With the pictures left aside, write out the entries that follow exactly.

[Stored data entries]
..........

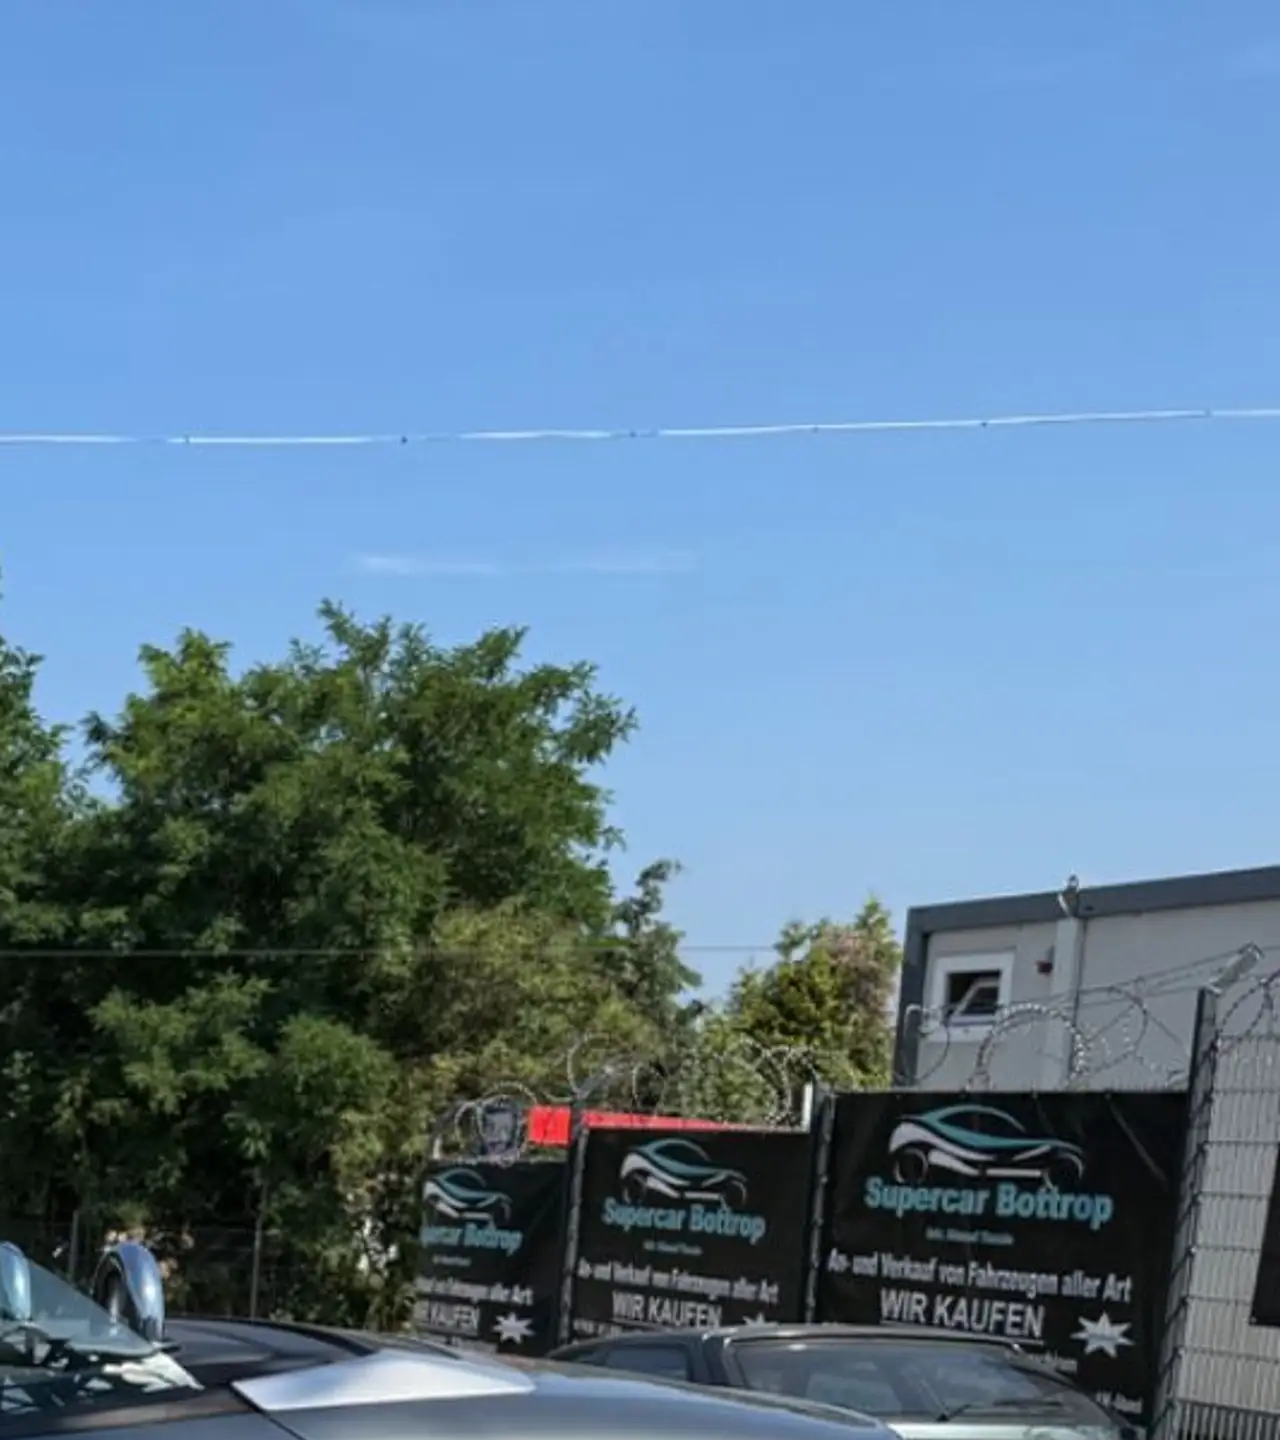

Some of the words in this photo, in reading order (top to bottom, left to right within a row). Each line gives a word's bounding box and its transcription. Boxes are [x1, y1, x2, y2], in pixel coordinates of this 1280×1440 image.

[601, 1197, 686, 1232] Supercar
[690, 1204, 766, 1245] Bottrop
[864, 1176, 989, 1218] Supercar
[995, 1183, 1114, 1231] Bottrop
[853, 1252, 877, 1276] und
[881, 1252, 937, 1282] Verkauf
[939, 1263, 965, 1286] von
[968, 1260, 1058, 1297] Fahrzeugen
[1061, 1270, 1100, 1297] aller
[1103, 1273, 1132, 1302] Art
[612, 1290, 644, 1322] WIR
[648, 1295, 722, 1332] KAUFEN
[880, 1287, 928, 1325] WIR
[933, 1294, 1045, 1338] KAUFEN

..........

Task solution ▸
Some of the words in this photo, in reading order (top to bottom, left to right within a row). Each line gives a word's bounding box and its transcription. Boxes are [x1, y1, x2, y2], in pixel coordinates of this 1280×1440 image.

[601, 1197, 686, 1232] Supercar
[690, 1204, 766, 1245] Bottrop
[864, 1176, 989, 1218] Supercar
[995, 1183, 1114, 1231] Bottrop
[853, 1252, 877, 1276] und
[881, 1252, 937, 1282] Verkauf
[939, 1263, 965, 1286] von
[968, 1260, 1058, 1297] Fahrzeugen
[1061, 1270, 1100, 1297] aller
[1103, 1273, 1132, 1302] Art
[612, 1290, 644, 1322] WIR
[648, 1295, 722, 1332] KAUFEN
[880, 1287, 928, 1325] WIR
[933, 1294, 1045, 1338] KAUFEN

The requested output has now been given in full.